69 So. 544 | Ala. | 1915
“Plaintiff claims of the defendant $1,000 as damages, for that heretofore, to-wit, on or about the 25th day of February, 1913, plaintiff was rightfully at work in defendant’s mine near Bessemer, Ala., assisting a servant of defendant in and about setting a drill machine, and while so doing the drill fell upon plaintiff’s leg and crushed and mashed the same, so that plaintiff was disabled for a long time, made sick and sore, suffered great mental and physical pain and anguish, rendered unable to work and earn money for a long time, and caused to spend much money for medicines and doctors’ bills in and about his efforts to cure and heal his wounds and injuries; hence this suit.
“Plaintiff alleges that his said injuries were approximately caused by the negligence of the agents and ser: vants of the defendants who were then and there engaged*151 in and about the work or business of the defendant in connection with setting up said drill machine on the occasion aforesaid; wherefore he sues.”

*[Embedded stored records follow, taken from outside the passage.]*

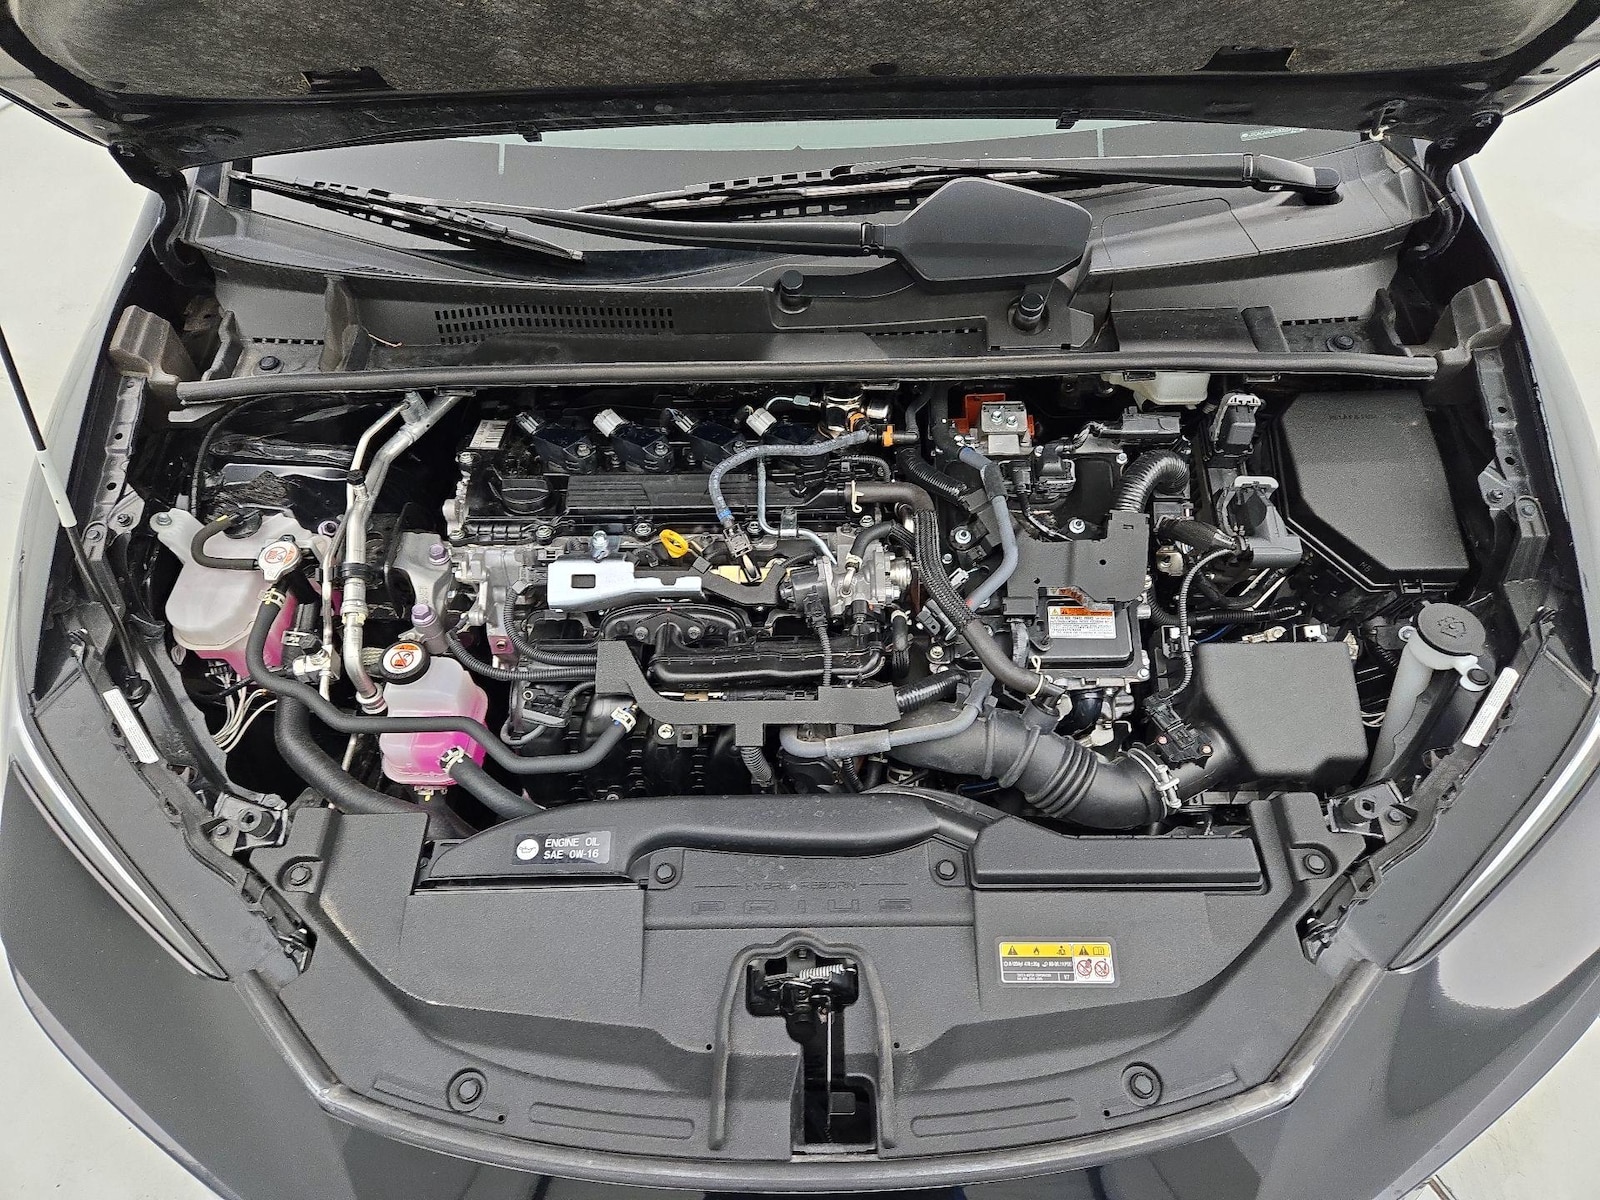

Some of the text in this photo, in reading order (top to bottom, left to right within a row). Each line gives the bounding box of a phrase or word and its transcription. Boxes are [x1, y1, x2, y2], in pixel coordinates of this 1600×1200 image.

[544, 837, 600, 848] ENGINE OIL
[543, 849, 599, 860] SAE 0W-16
[691, 898, 913, 914] PRIUS
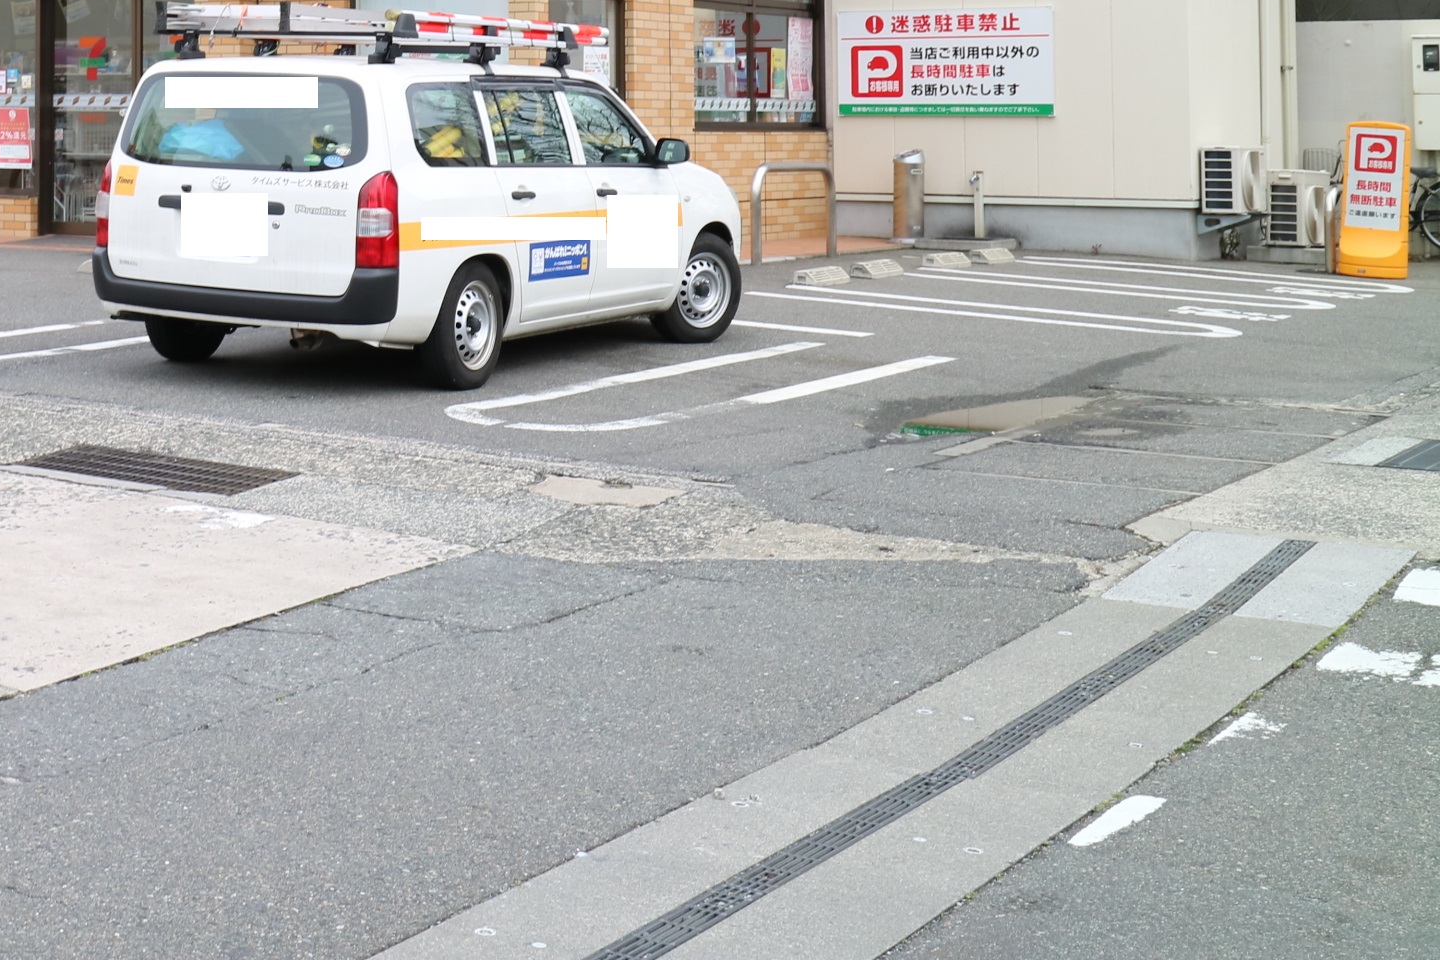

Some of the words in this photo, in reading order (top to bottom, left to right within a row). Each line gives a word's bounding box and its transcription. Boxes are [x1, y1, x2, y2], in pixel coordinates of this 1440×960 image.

[891, 13, 1020, 33] 迷惑駐車禁止
[910, 46, 1040, 60] 当店ご利用中以外の
[910, 64, 1006, 79] 長時間駐車は
[869, 80, 900, 93] お客様専用
[911, 83, 1020, 97] お断りいたします
[117, 176, 134, 184] Times
[251, 176, 349, 190] タイムズサービス株式会社
[1356, 179, 1392, 193] 長時間
[1350, 193, 1397, 207] 無断駐車

This count does not declare as upon a wrong to a servant of the defendant. It is not, however, subject to the demurrer interposed. — Lookout Mountain Iron Co. v. Lea, 144 Ala. 169, 39 South. 1017; Republic Iron & Steel Co. v. Luster, 192 Ala. 501, 68 South, 358; Sloss-Sheffield Co. v. Stewart, 172 Ala. 516, 55 South. 785. The complaint proceeds upon the theory that plaintiff was not a servant.
The judgment is reversed, and the cause is remanded.
Reversed and remanded.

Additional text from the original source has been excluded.